Daniil Lisus, Keenan Burnett, David J. Yoon, Richard Poulton, John, Marshall, and Timothy D. Barfoot

TL;DR
This paper introduces a method to extract Doppler velocity measurements from spinning FMCW radars using a novel firmware modification, demonstrating their usefulness in improving autonomous vehicle odometry, especially in challenging environments.
Contribution
The paper presents a new technique to obtain radial Doppler velocities from spinning radar scans without data association, enhancing odometry robustness in complex scenarios.
Findings
Doppler velocities improve odometry accuracy in geometric environments.
Radial Doppler measurements enable odometry in tunnel-like environments.
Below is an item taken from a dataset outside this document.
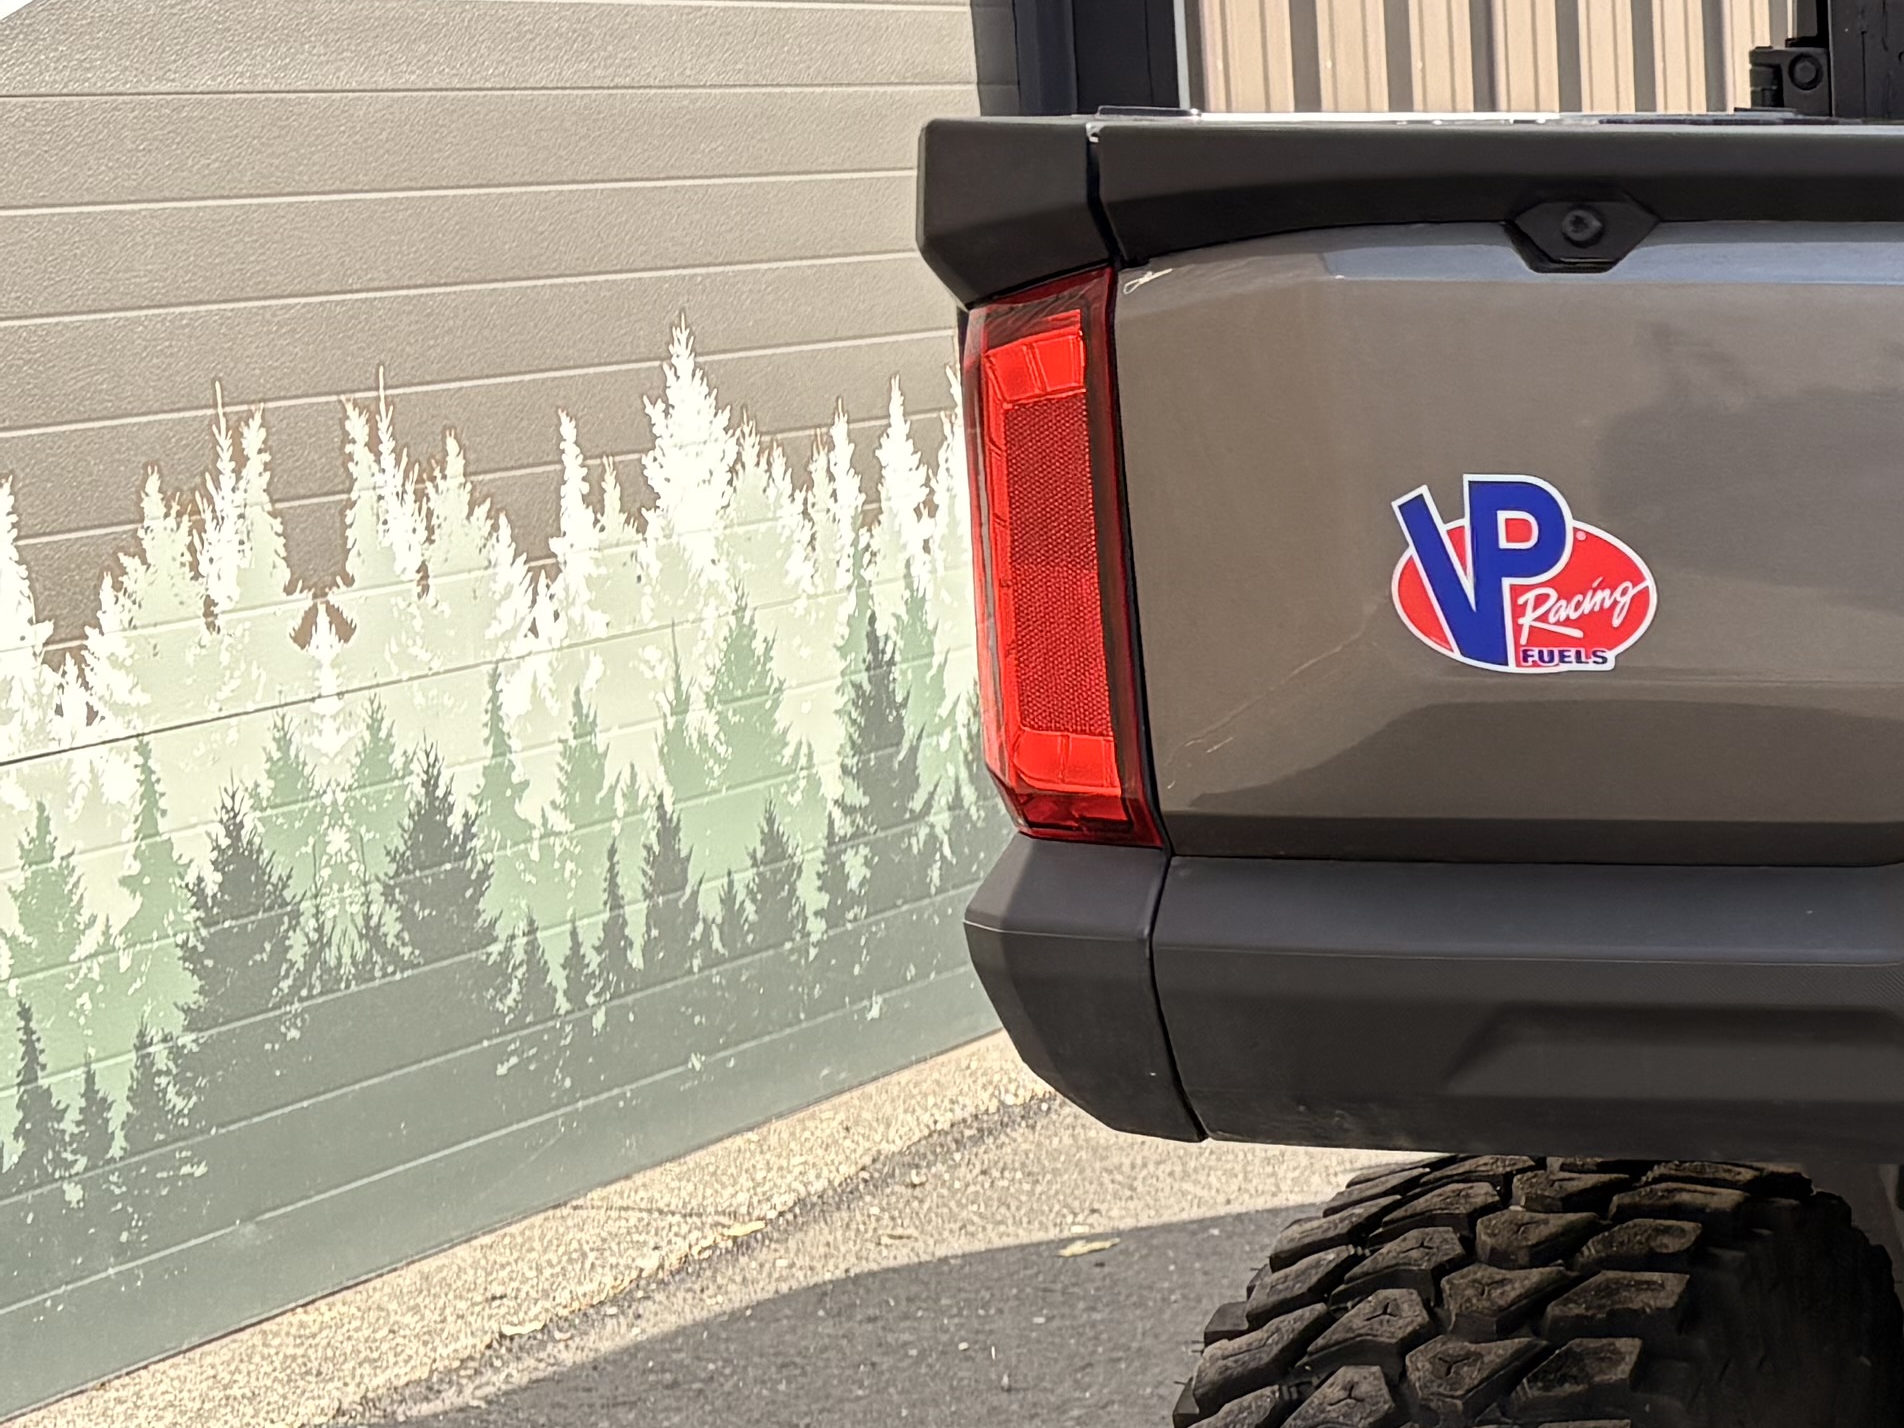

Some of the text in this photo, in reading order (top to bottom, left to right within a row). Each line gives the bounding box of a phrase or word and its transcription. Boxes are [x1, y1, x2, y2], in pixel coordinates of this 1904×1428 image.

[1393, 475, 1571, 668] VP
[1517, 577, 1650, 645] Racing
[1521, 648, 1608, 665] FUELS
The method is validated over 110 km of driving data.
Abstract
Spinning, frequency-modulated continuous-wave (FMCW) radars with 360 degree coverage have been gaining popularity for autonomous-vehicle navigation. However, unlike `fixed' automotive radar, commercially available spinning radar systems typically do not produce radial velocities due to the lack of repeated measurements in the same direction and the fundamental hardware setup. To make these radial velocities observable, we modified the firmware of a commercial spinning radar to use triangular frequency modulation. In this paper, we develop a novel way to use this modulation to extract radial Doppler velocity measurements from consecutive azimuths of a radar intensity scan, without any data association. We show that these noisy, error-prone measurements contain enough information to provide good ego-velocity estimates, and incorporate these estimates into different modern odometry…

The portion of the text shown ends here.